Pentaho Data Integration supports MongoDB (See the documentation http://wiki.pentaho.com/display/EAI/Pentaho+Data+Integration+Steps).

Similarly Talend supports MongoDB: https://github.com/adrien-mogenet/tMongoDBConnection


For simple inserts of CSV documents I would suggest looking at the Mongo wiki page Import Export Tools.

For anything more complicated I'd suggest writing an ad-hoc script in the language you are most comfortable with.


It seems that Pentaho Data Integration and Talend only supports reading from MongoDB, but not writing.
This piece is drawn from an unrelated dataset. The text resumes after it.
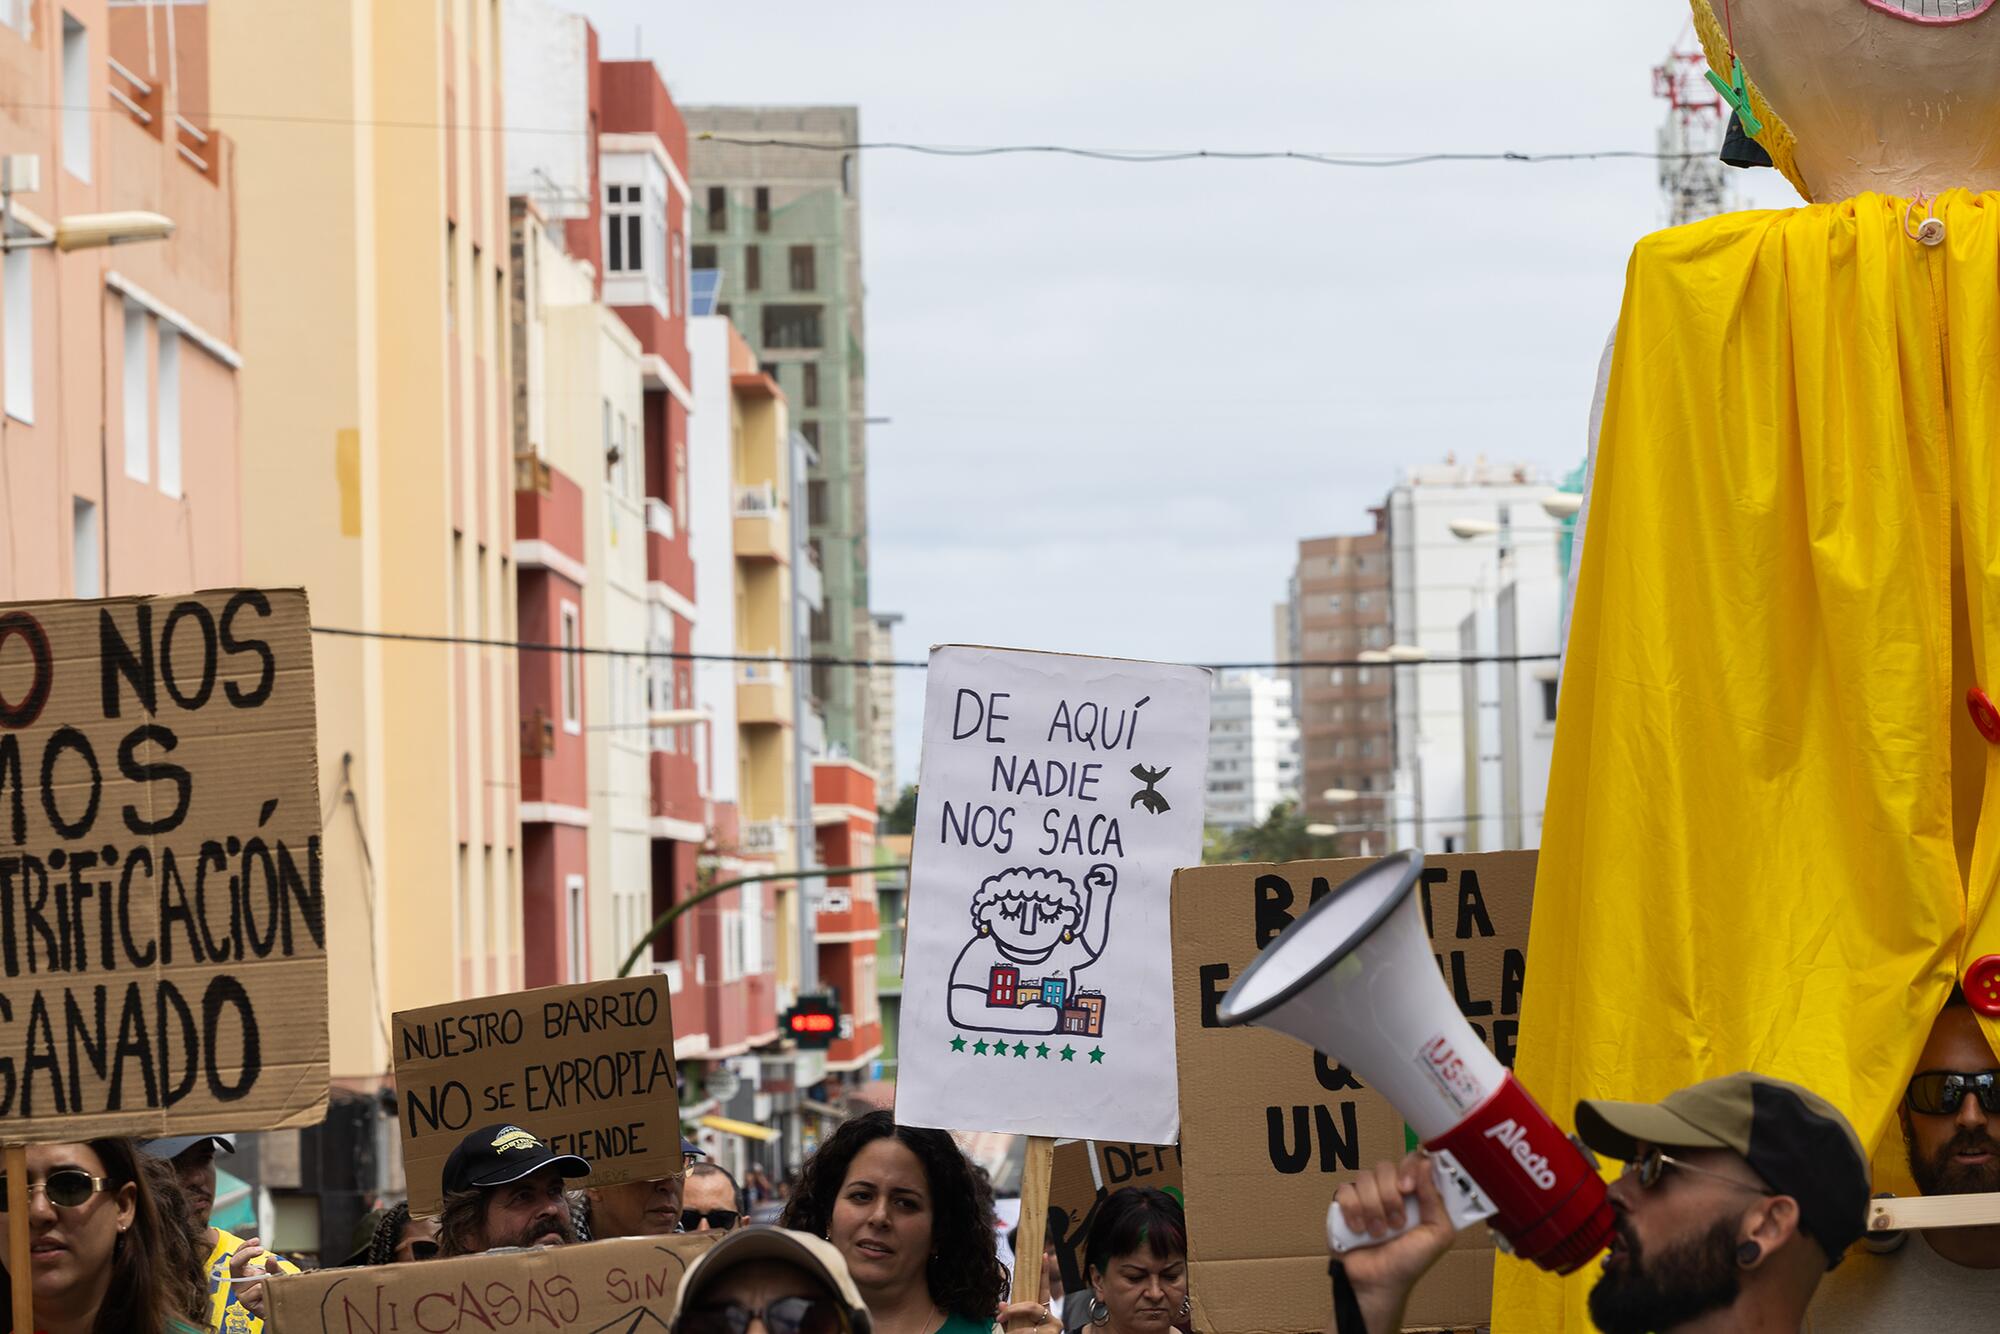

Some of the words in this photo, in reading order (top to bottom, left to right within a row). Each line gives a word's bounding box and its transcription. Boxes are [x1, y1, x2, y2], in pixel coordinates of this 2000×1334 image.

Another tool that just announced support for MongoDB is DataCleaner, and it supports both read and write operations. It does not position itself quite as an ETL tool, but more like a data quality analysis tool, but it does have ETL-like capabilities also.

http://datacleaner.eobjects.org


I created my own ETL solution with python scripts to transfer data from MySQL to MongoDB. It's awesome in my mind.

Basically, I used following two python modules for accessing mysql and mongodb:

  1. pymongo
  2. python-mysql.connect

Both of them are installable from official Ubuntu repository.


I've created MongoDB driver for Scriptella ETL tool. It is available at https://github.com/scriptella/scriptella-mongodb.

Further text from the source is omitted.